Charles Bridge: Saint Lutgardis

Saint Lutgardis

Visitors to Prague are always surprised to learn that the avenue of saints keeping watch over Charles Bridge was never planned as a single architectural scheme. In fact the statues were created by no fewer than fifteen sculptors over a period of nearly 300 years ⁠— although the vast majority were erected between 1706 and 1730.

Principally a symbol of the power of the Catholic church in the wake of the Thirty Years’ War, the statues were also an indication of competing interests in the religious and social life of the region. Many were funded by the Jesuits, but other orders and institutions were equally keen to position themselves, literally, at this most historic of European river-crossings.
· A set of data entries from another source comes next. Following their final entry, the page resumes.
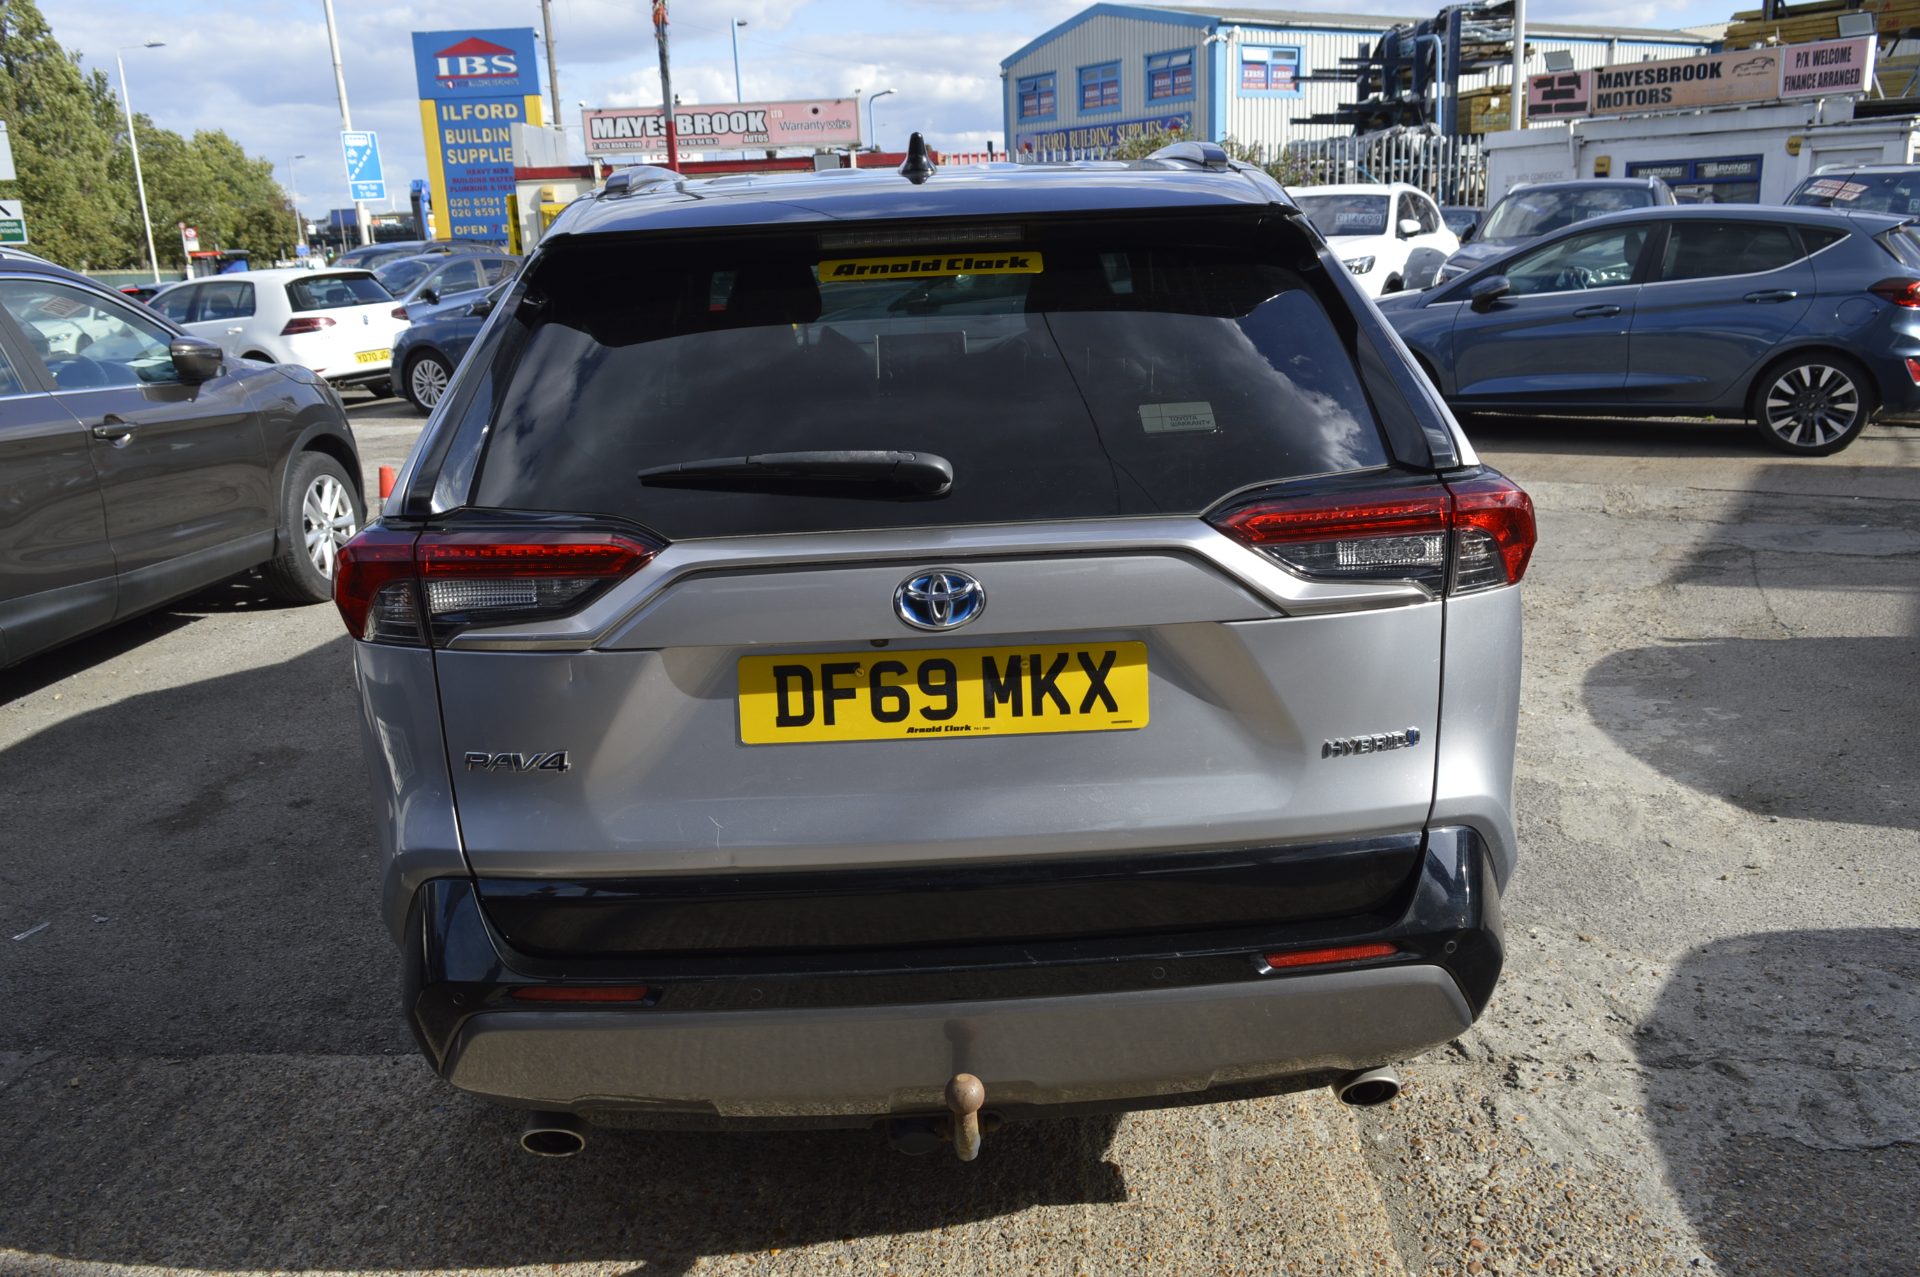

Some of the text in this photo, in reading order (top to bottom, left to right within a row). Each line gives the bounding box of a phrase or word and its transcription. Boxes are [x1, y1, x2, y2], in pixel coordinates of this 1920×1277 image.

[437, 54, 518, 76] IBS
[1795, 46, 1852, 68] P/X WELCOME
[1597, 61, 1722, 89] MAYESBROOK
[1783, 72, 1816, 92] FINANCE
[1817, 68, 1861, 88] ARRANGED
[1597, 87, 1672, 109] MOTORS
[442, 103, 518, 121] ILFORD
[445, 127, 510, 144] BUILDIN
[1069, 126, 1114, 149] BUILDING
[447, 147, 513, 164] SUPPLIE
[649, 153, 691, 161] TESO
[1704, 163, 1751, 173] WARNING!
[450, 198, 470, 207] 020
[451, 208, 471, 217] 020
[454, 225, 487, 235] OPEN
[833, 256, 1030, 276] Arnold Clark
[773, 650, 1119, 728] DF69 MKX
[906, 725, 942, 733] Arnold
[944, 724, 972, 732] Clark
[464, 751, 572, 773] RAV4
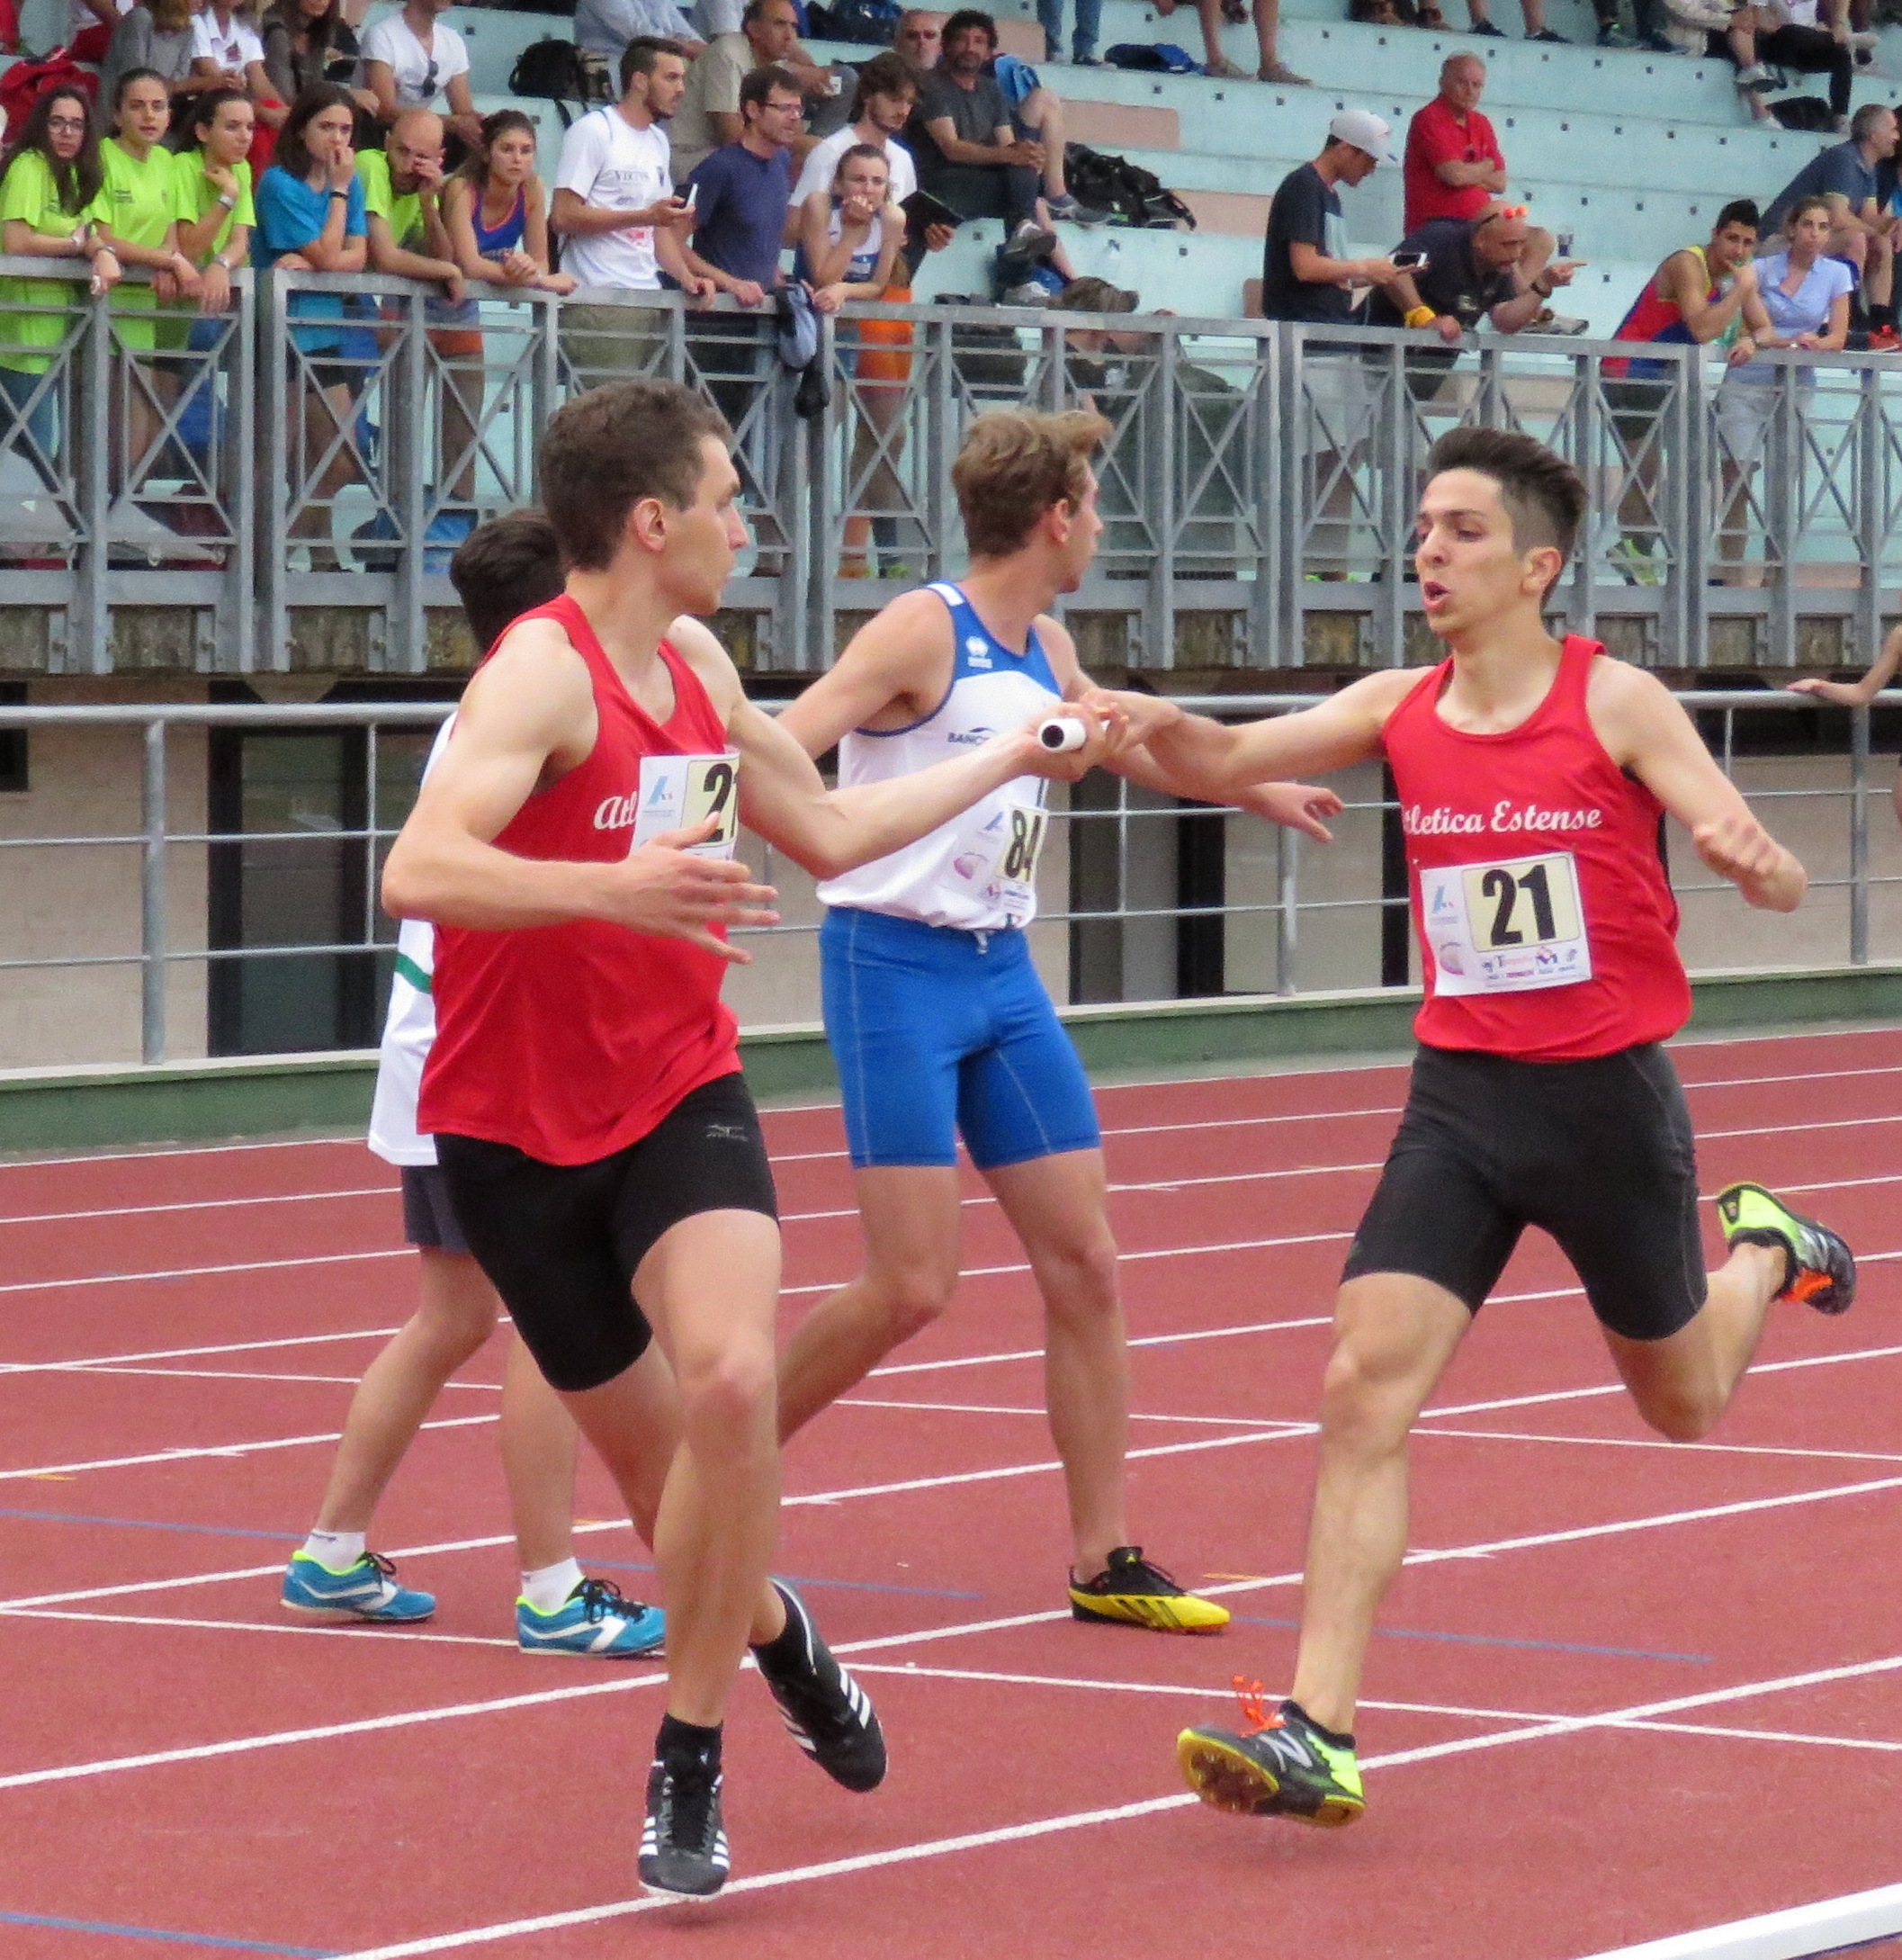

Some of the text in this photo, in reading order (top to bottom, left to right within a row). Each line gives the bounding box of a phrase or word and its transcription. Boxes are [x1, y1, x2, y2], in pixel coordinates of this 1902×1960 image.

For example, this work of 1710 by the 26-year-old Matthias Bernhard Braun was the gift of the Abbot of Plasy, the major Cistercian abbey in the Czech lands.  It was intended to commemorate the young Flemish novice Lutgardis, who at the age of 17 reportedly experienced the first of several intimate encounters with the crucified Christ.

In the original legend, Jesus not only offers his wounds for the saint to kiss, but, in response to her devotion, physically exchanges his bleeding heart for hers. With one eye on his wider public audience, Braun must have decided to present a more modest account of her story; at the same time, it is that very understatement which generates the statue’s enduring tenderness and emotional power. It has been likened — with some justification — to Bernini’s Ecstasy of Saint Teresa, one of several probable inspirations for its young and talented author.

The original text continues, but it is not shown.